Internet of Things (IoT) solutions promise to connect billions of devices to the Internet easily, thereby creating an incredible amount of economic value in all vertical markets.  The underlying technologies are ‘old friends’ like cellular, Wi-Fi, Bluetooth, data management, analytics,
storage, and security. These decade(s) old technologies, should make it easy to implement an IoT strategy, correct?

IoT Challenges and Launch Issues

So why have so few companies – even when they have decided to implement an IoT strategy – failed to launch commercial IoT programs? More often than not, the IoT challenges that cause failure can be attributed to a lack of time spent on the following:

  • Building a business plan to clearly demonstrate a positive ROI before getting into IoT pilots
  • Gaining a deep understanding of use cases
  • The dynamics and intricacies of the technologies involved
  • The infrastructure needed to provide cloud-based, hybrid or on premise solutions
  • The trade-offs that occur between product costs and levels of security, reliability, robustness and compatibility
  • Integration of siloed systems as well as cultural conflicts within a larger enterprise

What Should Companies Consider Before Implementing an IoT Strategy? 

Click to enlarge infographic.)

IoT Strategy Infographic by Lantronix

Factors to consider for a successful implementation of an IoT strategy

At a minimum, no IoT strategy should be acted on without a solid business plan and a deep consideration and early discussion about connectivity, mobility, management, and security. A few areas of consideration to address these IoT challenges for each are:

  • Connectivity Type

What method(s) of connectivity will address the needs of products and customers and within budget? Is it future-proof and does it comply with relevant local and international regulatory standards?

  • IoT Device Management

Manual configuration and management is okay when there are a few devices, but deploying hundreds, thousands or more devices will require careful thought Also the infrastructure to provide remote management and control to reduce maintenance and support costs will have be considered. Will the IoT device be able to make certain decisions itself, filter the data stream, or care for other local operations or will all data be pushed to the cloud for central processing and analytics? These just hint at the tip of the iceberg of due diligence.

  • IoT Security

A user ID and a password are no longer sufficient. Multiple layers of security including authentication and encryption, starting from the device component level all the way to the cloud, are necessary to ensure that critical data is protected, both at rest and in motion. To learn more about IoT device security best practices, read our white paper on Security in the Age of IoT.

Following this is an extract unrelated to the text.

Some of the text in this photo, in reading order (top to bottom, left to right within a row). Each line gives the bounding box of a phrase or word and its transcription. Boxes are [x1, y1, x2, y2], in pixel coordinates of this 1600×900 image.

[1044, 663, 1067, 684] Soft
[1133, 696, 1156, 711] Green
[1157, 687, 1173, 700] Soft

Planning and Partnering Are Key to Successful Deployment of an IoT Strategy

To quote Steve Jobs, “simple can be harder than complex” – but it is not impossible. Planning across the technology areas of connectivity, mobility, management, and security can help ensure that your solution will not be obsolete before it is released.

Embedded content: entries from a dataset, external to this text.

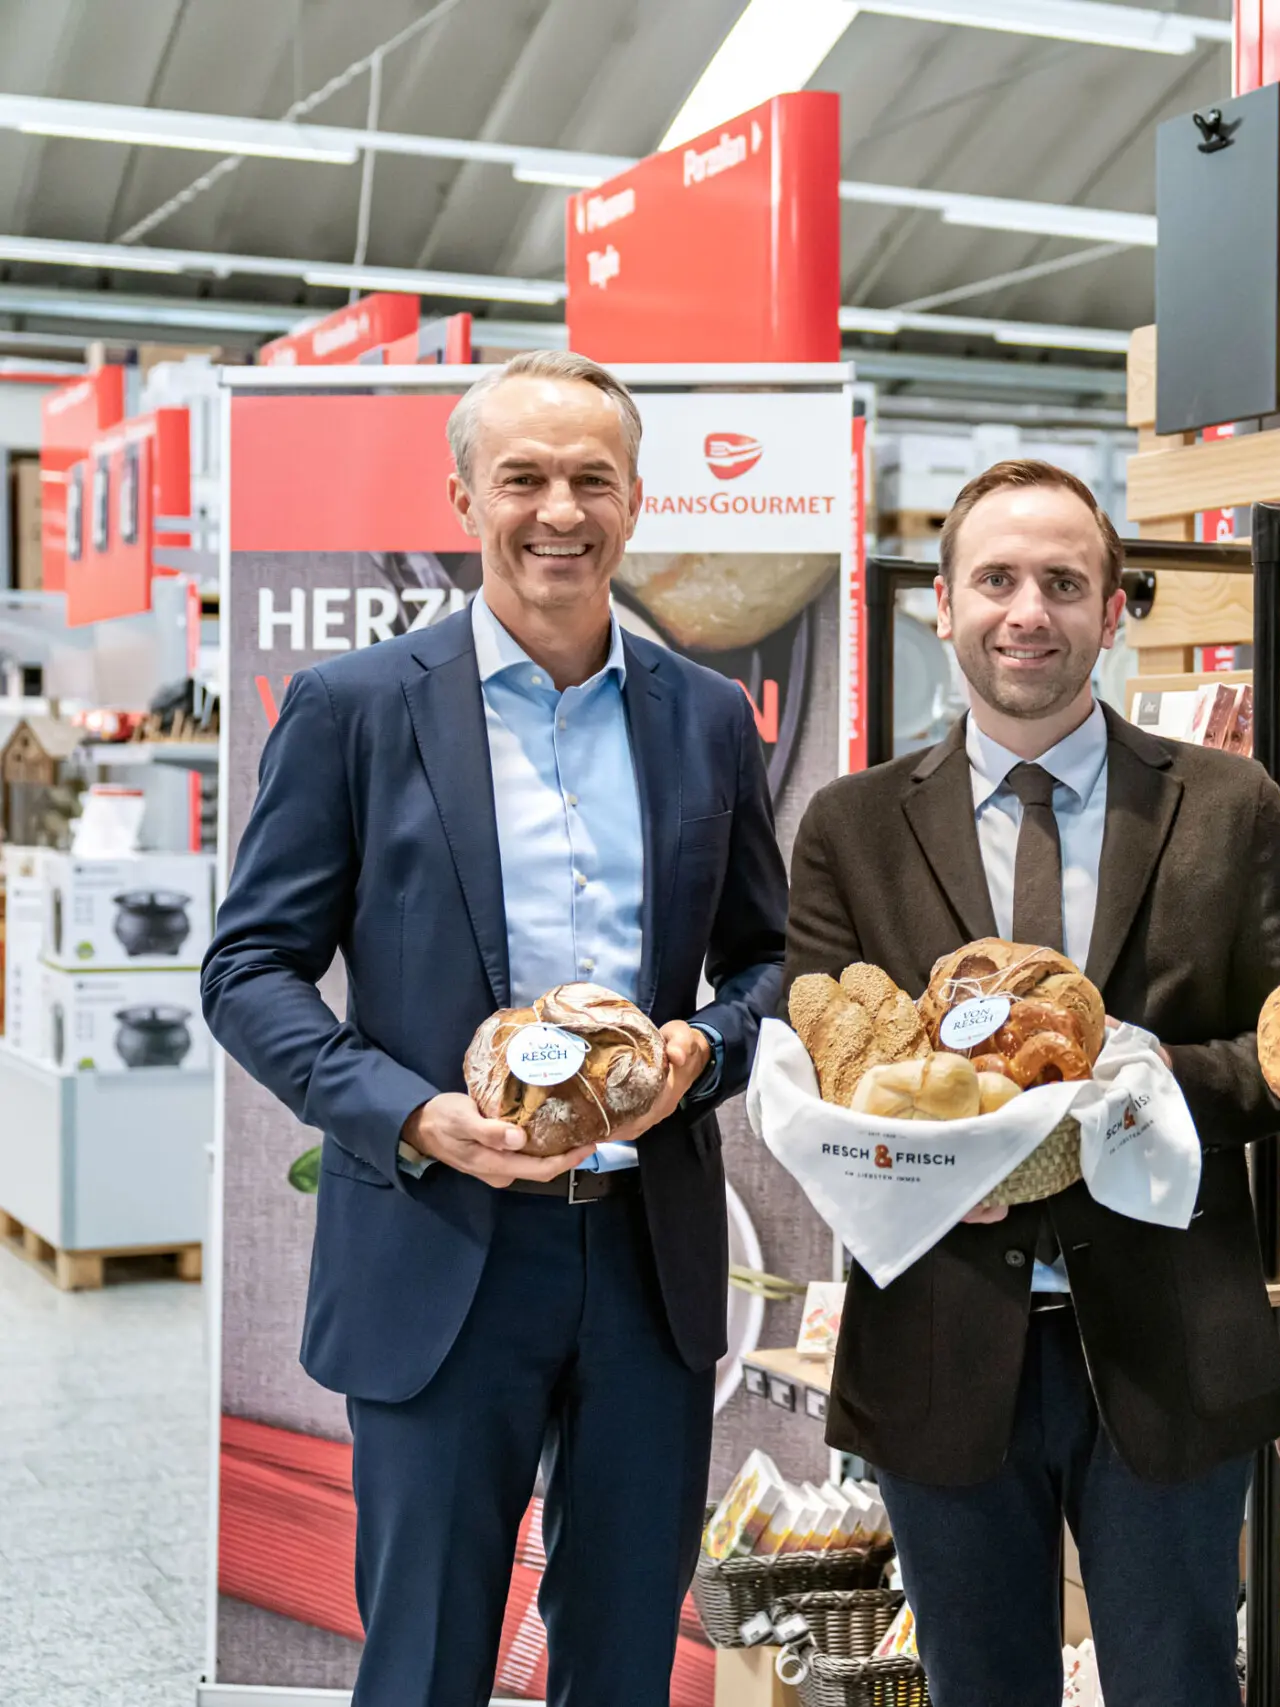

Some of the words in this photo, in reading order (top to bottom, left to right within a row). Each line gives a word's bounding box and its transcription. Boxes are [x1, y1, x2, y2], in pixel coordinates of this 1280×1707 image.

[645, 491, 836, 514] RANSGOURMET
[258, 587, 467, 650] HERZ
[953, 1014, 994, 1031] RESCH
[963, 1007, 991, 1020] VON
[521, 1049, 568, 1062] RESCH
[822, 1143, 870, 1160] RESCH
[895, 1151, 956, 1166] FRISCH

A skilled composer’s success depends on determining which musicians to recruit and how to fit the pieces of the orchestra together to create a magnificent symphony. Similarly pairing with the right technology partners can help companies to:

  • reduce time to market.
  • successfully implement their IoT strategy.
  • and eliminate costs associated with reinventing the wheel.

IoT can deliver elegant simplicity and measurable benefits when implemented well. While it may still be hard, to quote Jobs again, “working hard to get your thinking clean” can eliminate the #$%^!